» Try it
"this 2352×1568 image." appears in one line; retype that line and all lines following it through the end of the records, with nothing left out or added.

Start of Data extracts

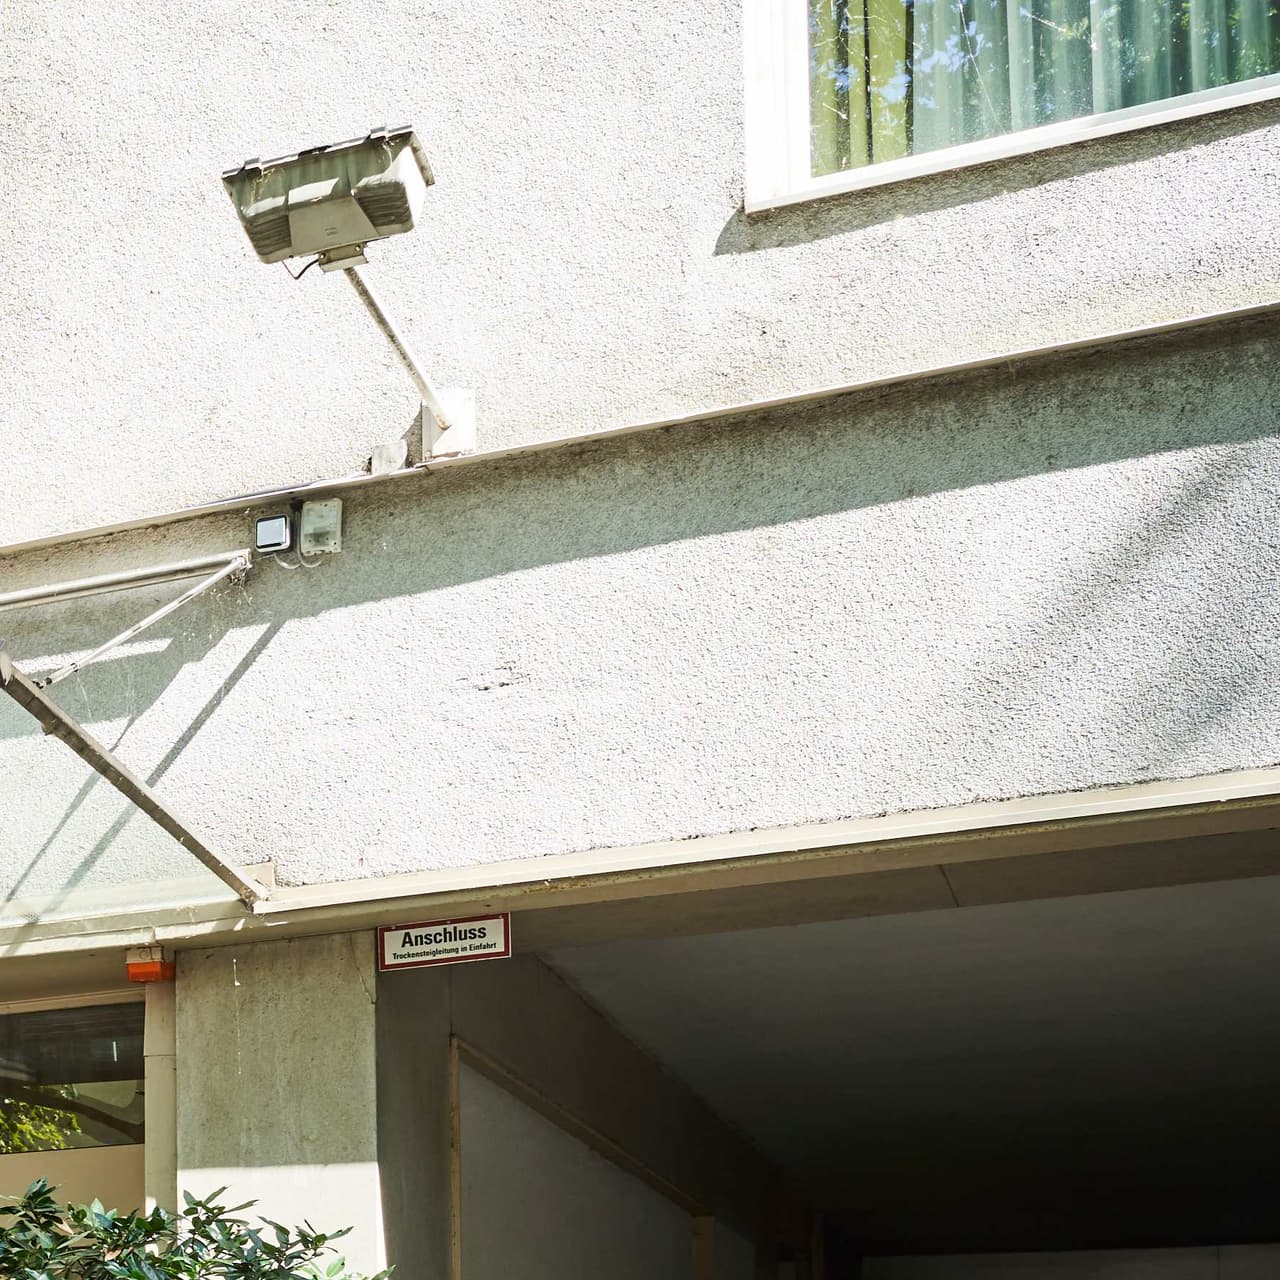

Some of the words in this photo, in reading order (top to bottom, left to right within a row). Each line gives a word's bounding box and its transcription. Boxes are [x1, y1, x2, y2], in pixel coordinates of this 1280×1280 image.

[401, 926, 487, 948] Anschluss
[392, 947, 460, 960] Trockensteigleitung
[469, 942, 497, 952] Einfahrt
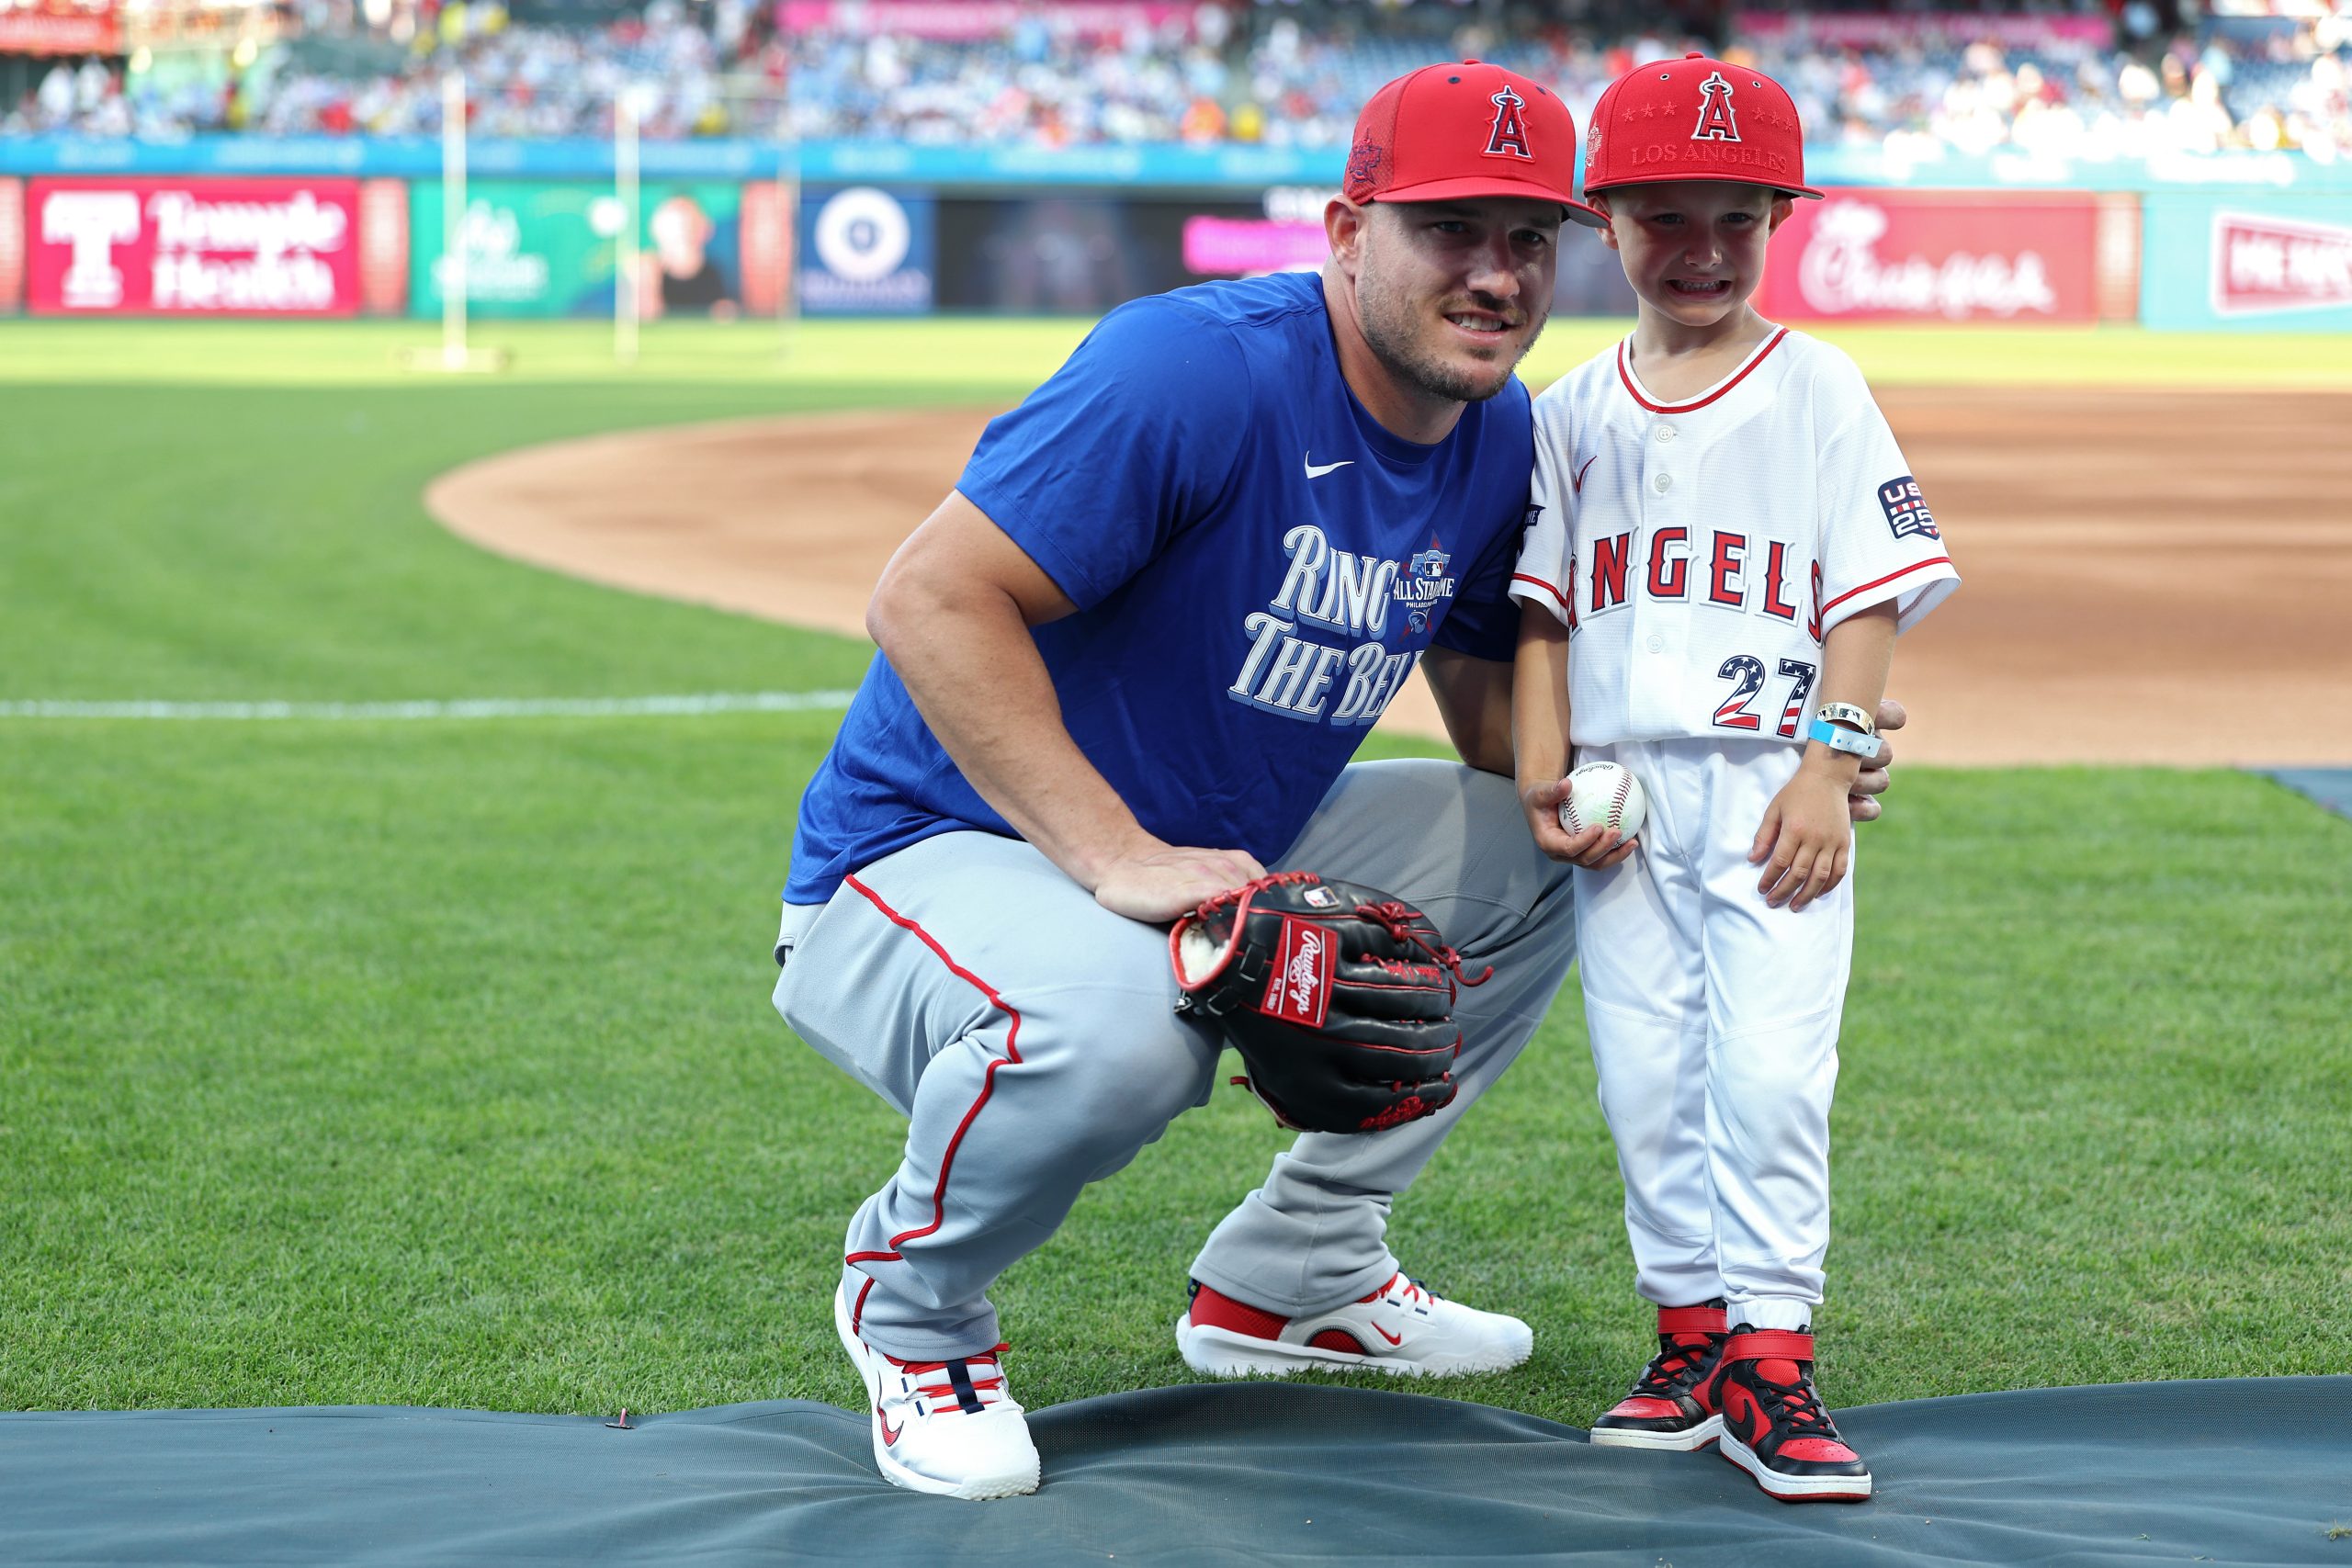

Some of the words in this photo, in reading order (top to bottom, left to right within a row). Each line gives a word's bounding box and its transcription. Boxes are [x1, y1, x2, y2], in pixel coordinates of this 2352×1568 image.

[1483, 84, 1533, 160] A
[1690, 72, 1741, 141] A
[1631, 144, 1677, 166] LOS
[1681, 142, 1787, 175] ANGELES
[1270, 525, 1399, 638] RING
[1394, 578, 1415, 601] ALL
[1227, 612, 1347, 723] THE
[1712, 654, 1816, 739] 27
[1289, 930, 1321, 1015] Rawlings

End of Data extracts

» Answer section
Some of the words in this photo, in reading order (top to bottom, left to right within a row). Each line gives a word's bounding box and its transcription. Boxes are [x1, y1, x2, y2], in pixel coordinates of this 2352×1568 image.

[1483, 84, 1533, 160] A
[1690, 72, 1741, 141] A
[1631, 144, 1677, 166] LOS
[1681, 142, 1787, 175] ANGELES
[1270, 525, 1399, 638] RING
[1394, 578, 1415, 601] ALL
[1227, 612, 1347, 723] THE
[1712, 654, 1816, 739] 27
[1289, 930, 1321, 1015] Rawlings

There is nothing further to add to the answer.